Charlotte Perriand, From Photography to Design

Charlotte Perriand, From Photography to Design

Right up there with the male design legends—especially Le Corbusier, her decade-long collaborator—Charlotte Perriand was an avant-gardiste in more than the furniture designs that are hitting record prices in auctions and galleries today. From 1927, when the 24-year-old prodigy designed her metal-and-glass “Bar under the Roof” living room, until her death in 1999, she imagined a new lifestyle for the 20th century that her life very nearly spanned.

Now, with the exhibit Charlotte Perriand, From Photography to Design, the Petit Palais—the Musée des Beaux-Arts de la Ville de Paris—turns the spotlight on her lifelong passion for photography and the role it played in her creations. Monumental photomontages, some with political intent like La Grande Misère de Paris depicting miserable Parisian living conditions, served as decors.

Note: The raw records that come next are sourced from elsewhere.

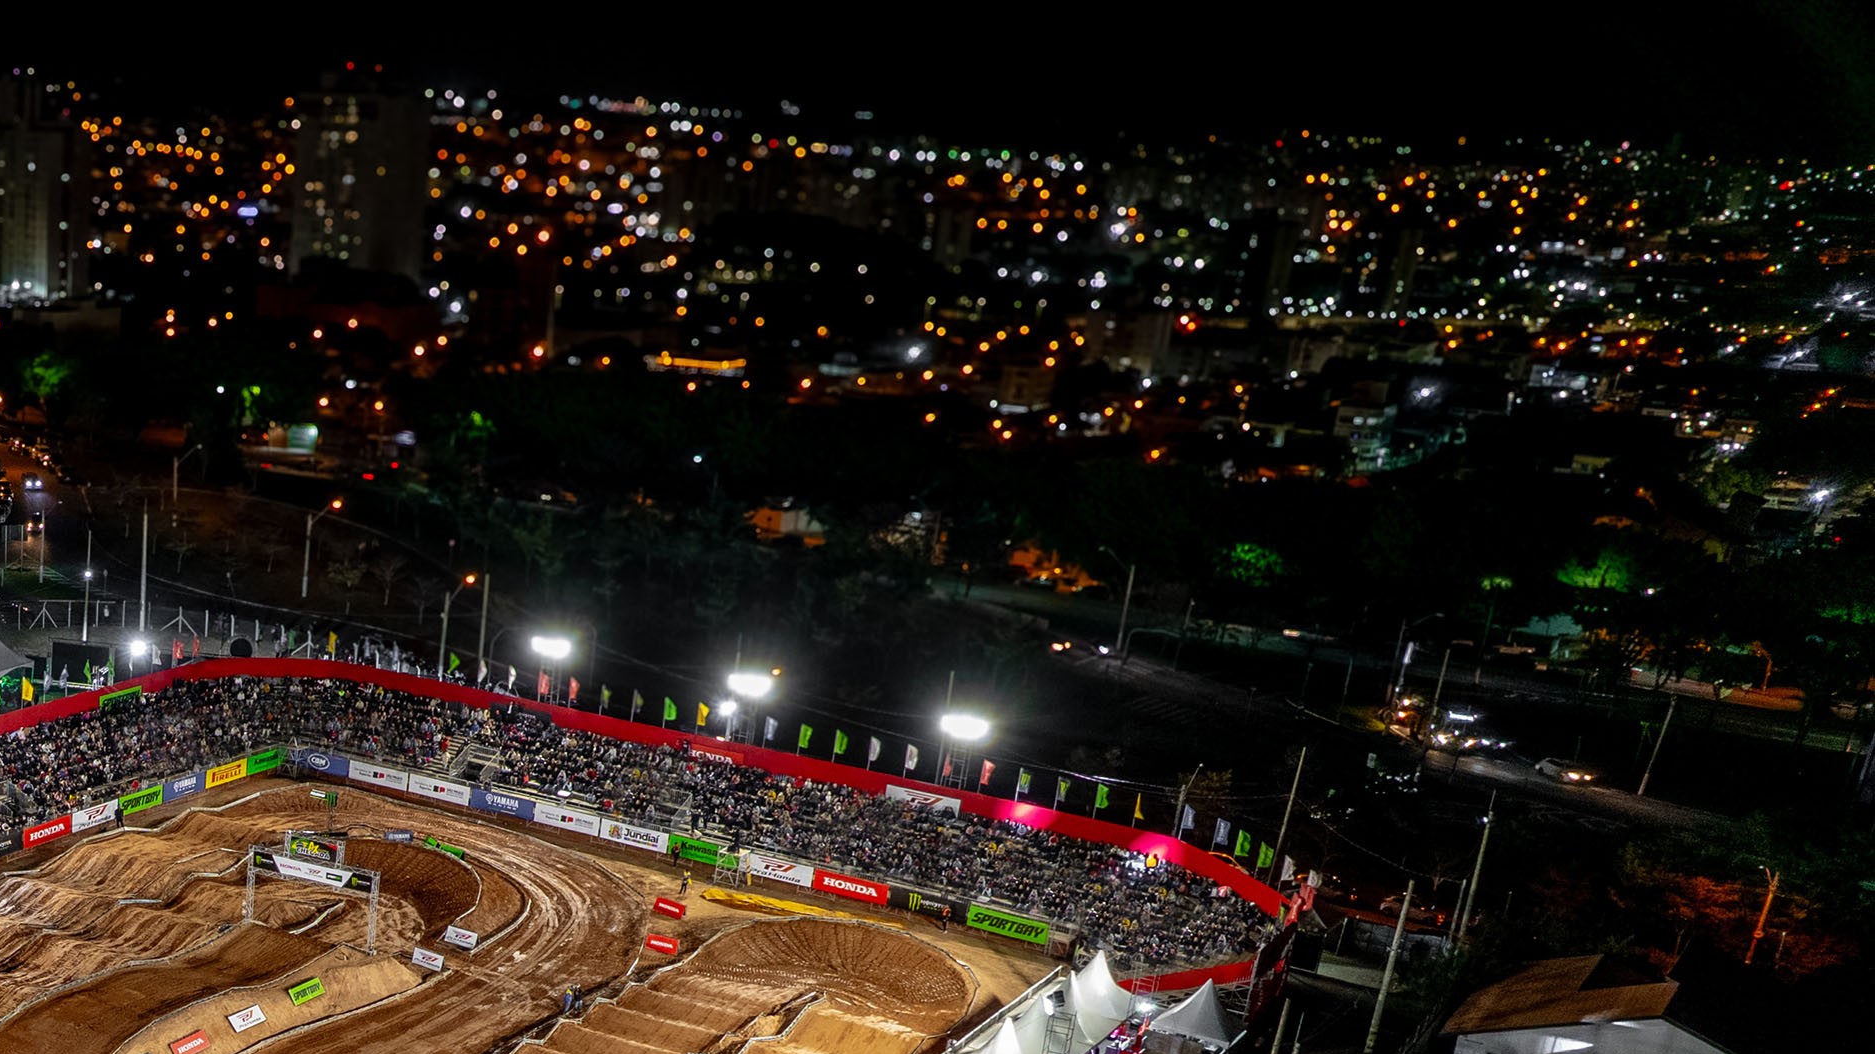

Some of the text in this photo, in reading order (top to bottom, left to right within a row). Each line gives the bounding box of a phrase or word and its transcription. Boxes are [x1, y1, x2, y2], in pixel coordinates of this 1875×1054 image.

[211, 764, 241, 783] PIRELLI
[178, 776, 197, 789] YAMAHA
[121, 789, 161, 811] SPORTBAY
[492, 794, 519, 808] YAMAHA
[29, 823, 66, 841] HONDA
[623, 827, 659, 844] Jundiaí
[680, 840, 718, 857] Kawasa
[822, 876, 878, 897] HONDA
[658, 902, 680, 914] HONDA
[971, 911, 1045, 939] SPORTBAY
[650, 940, 674, 949] HONDA
[293, 982, 321, 1001] SPORTBAY
[178, 1037, 205, 1054] HONDA

In contrast to Le Corbusier’s spare habitat, conceived as “a machine for living,” Perriand’s photographs present a natural environment of open spaces, mountains and beaches, the humble lifestyle of country peasants and the found objects that directly influenced the simple forms and authentic materials in her designs.

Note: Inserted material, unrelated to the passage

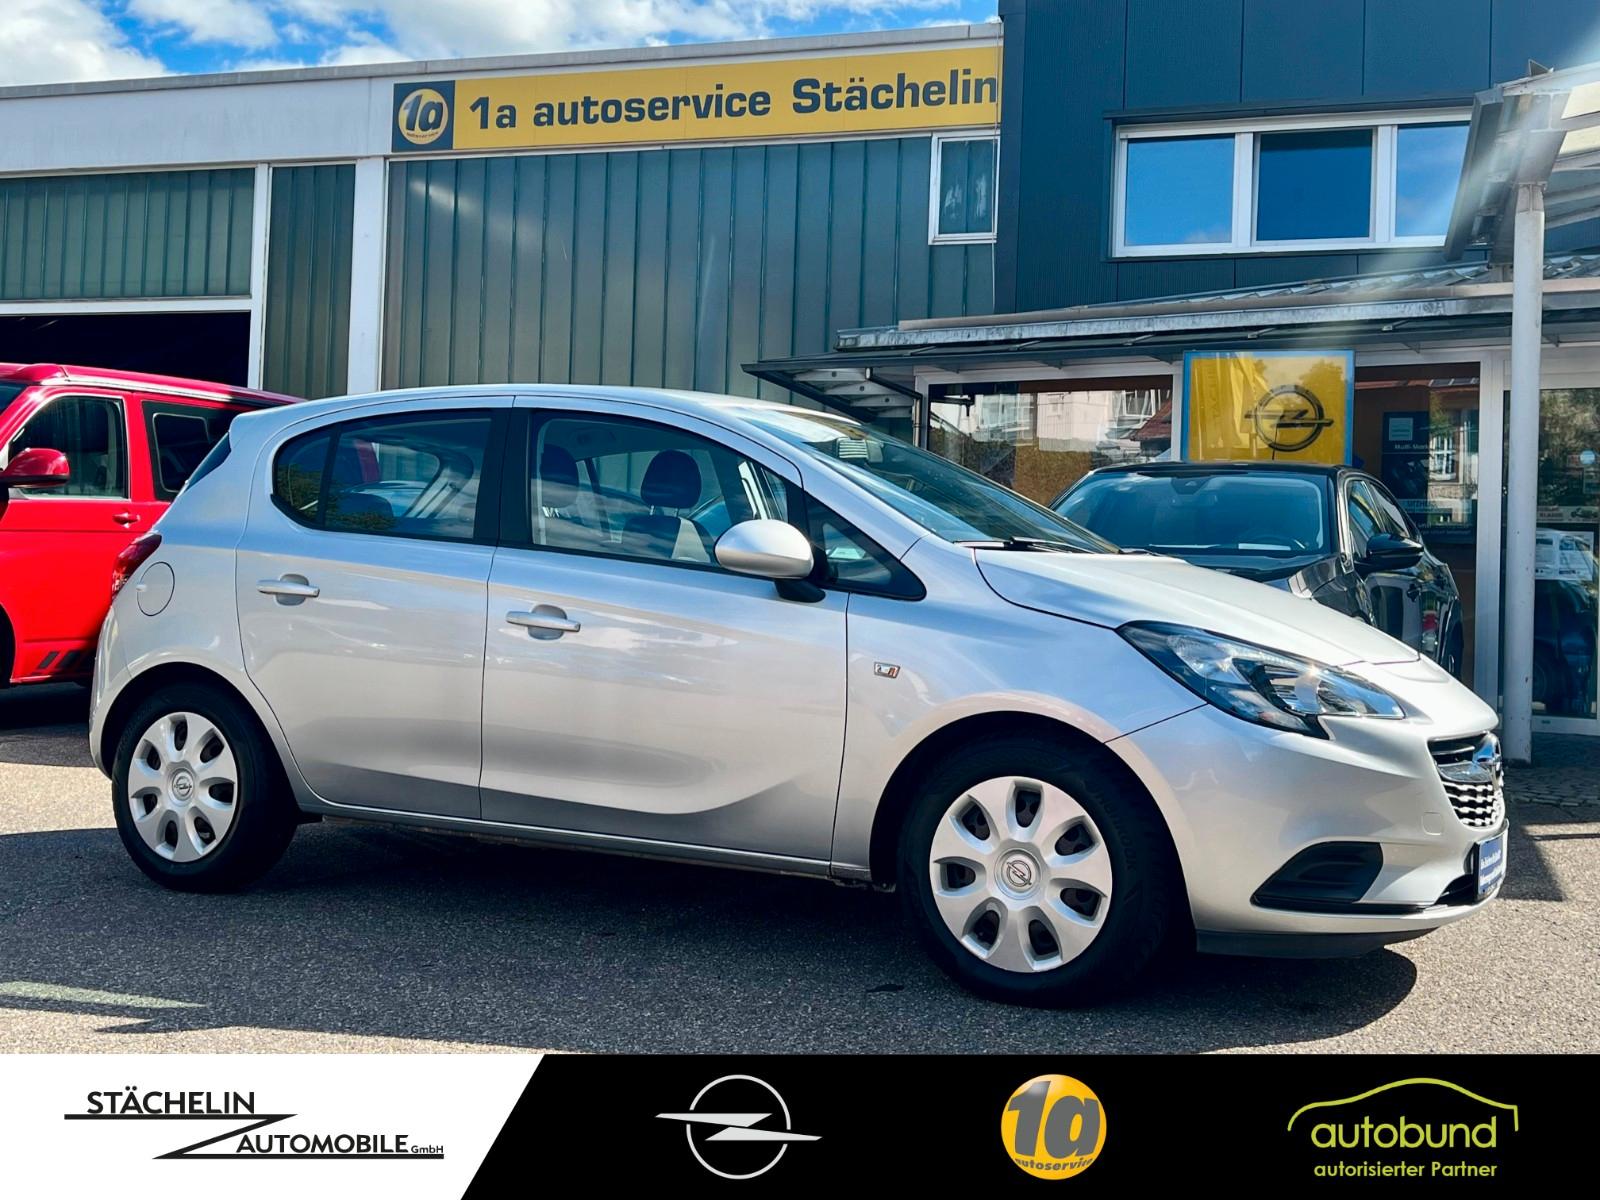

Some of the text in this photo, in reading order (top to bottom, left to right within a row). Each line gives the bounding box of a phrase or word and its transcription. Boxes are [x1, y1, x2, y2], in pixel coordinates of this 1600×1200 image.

[403, 94, 443, 131] 1a
[470, 69, 997, 129] 1a autoservice Stächelin

Fish skeletons inspired her Chaise Ombre and the Banquette Tokyo; a sea-swirled stone on a beach, a forest tree stump and a flint from a Savoy mountain valley were transformed into wooden coffee table tops; the simple pillars of a building under construction became her famous room-divider bookcase. Her snapshots of a passenger’s derrière on a boat railing led to an ample swiveling armchair; and a friend reclining on top of a wall sparked the 1938 Chaise Longue Basculante.

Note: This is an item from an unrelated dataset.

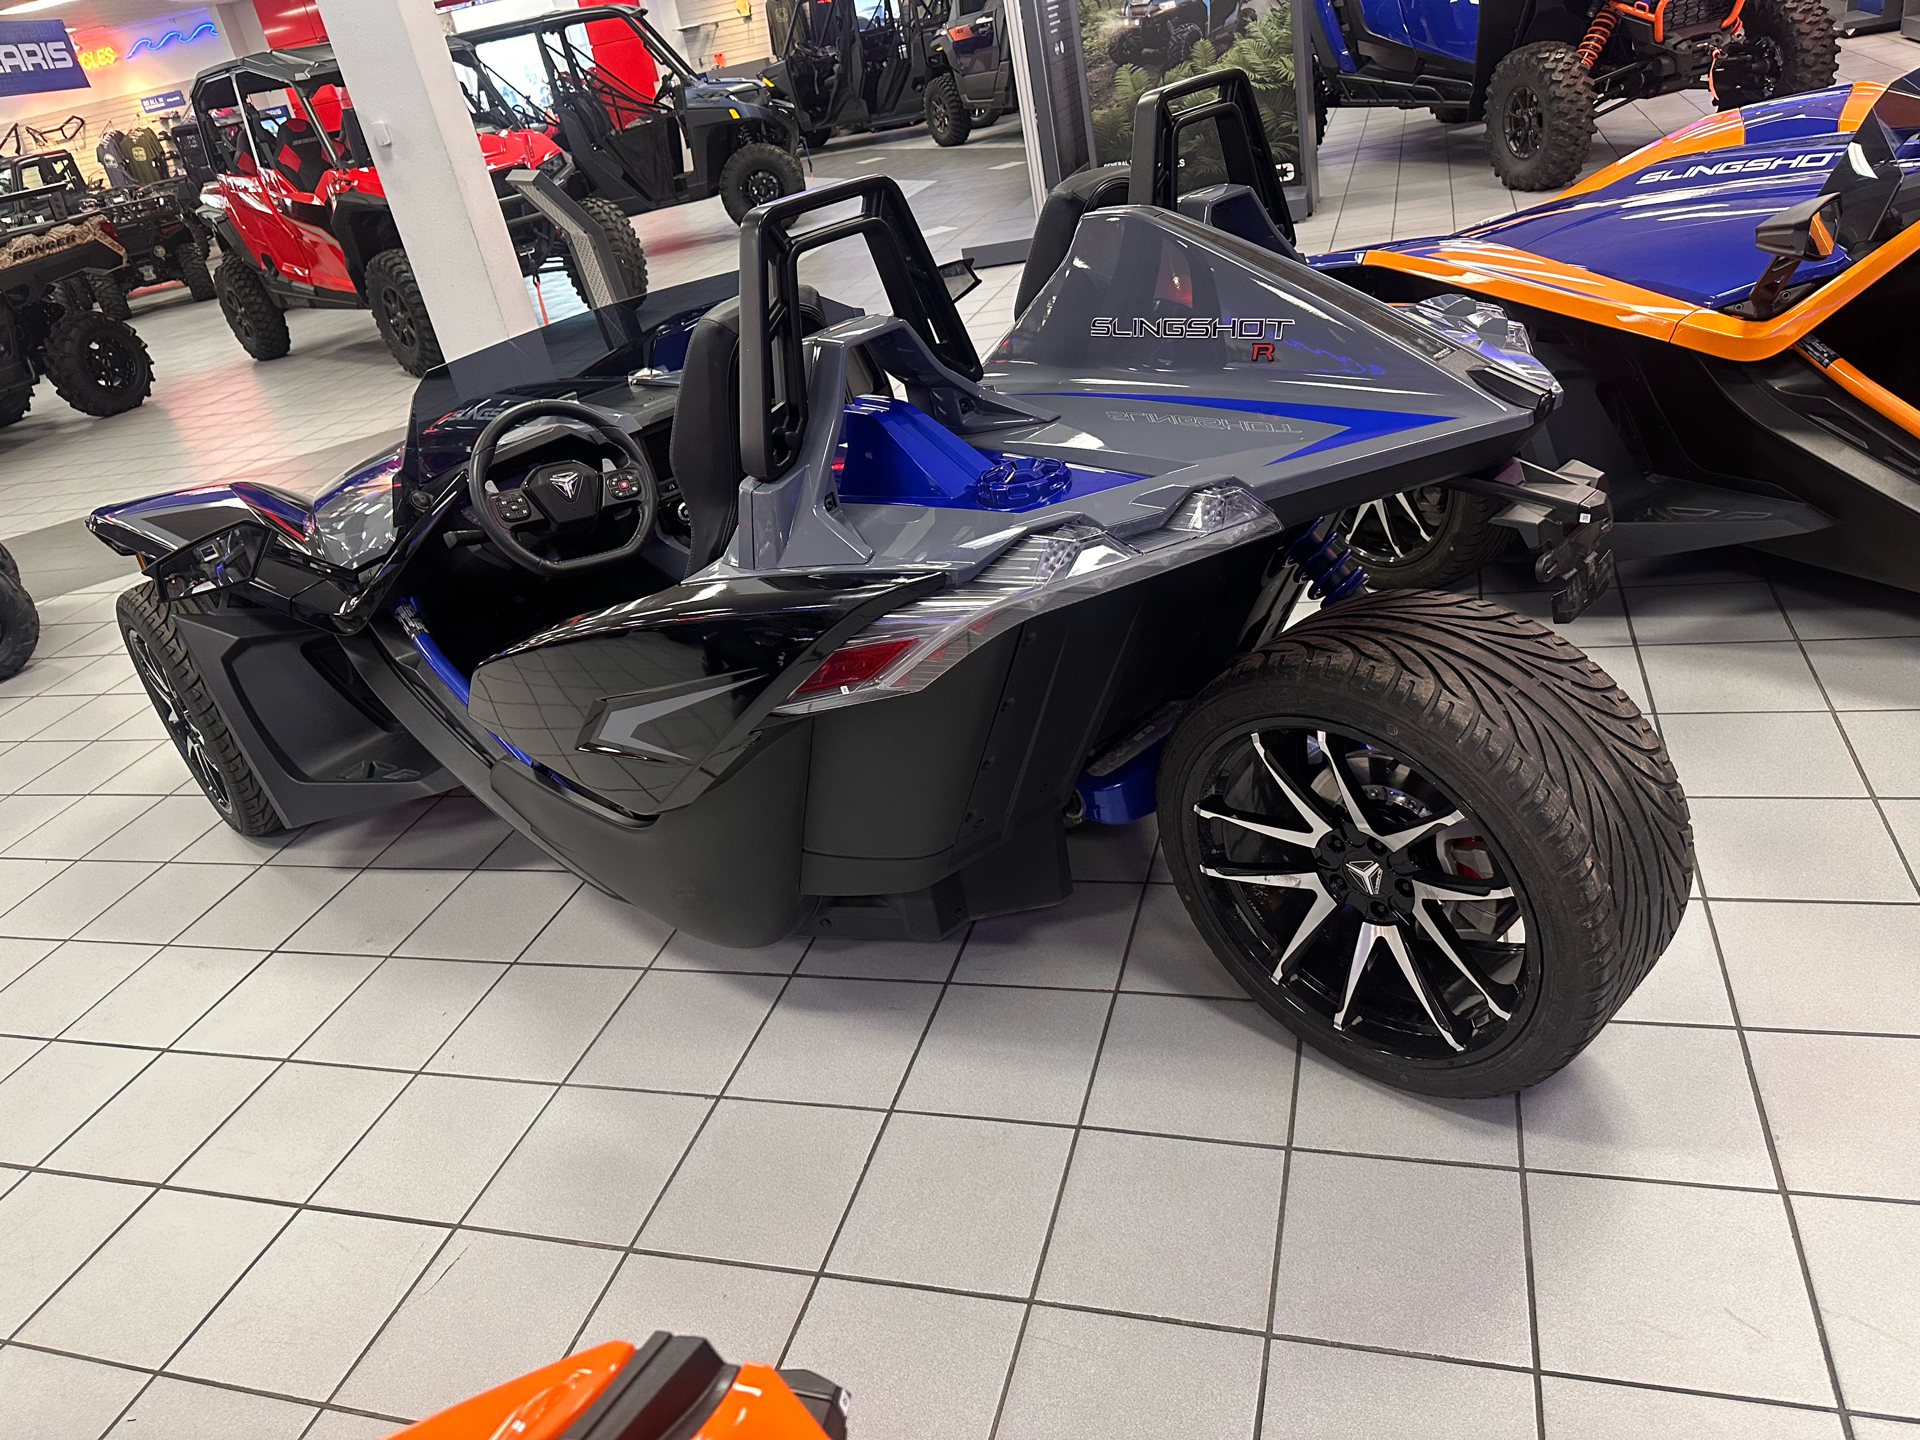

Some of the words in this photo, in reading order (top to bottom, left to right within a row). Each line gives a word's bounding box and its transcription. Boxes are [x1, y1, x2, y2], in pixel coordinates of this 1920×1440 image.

The show’s 380 photographs and 70 pieces of furniture are displayed among the museum’s permanent collections, where Perriand’s 20th-century works contrast with the museum’s 18th-century furniture and Hector Guimard’s Art Nouveau dining room. A separate gallery highlights Modernist elements from the designer’s apartment on the rue Saint Sulpice, never before shown in public.

The exhibit continues through September 18, 2011.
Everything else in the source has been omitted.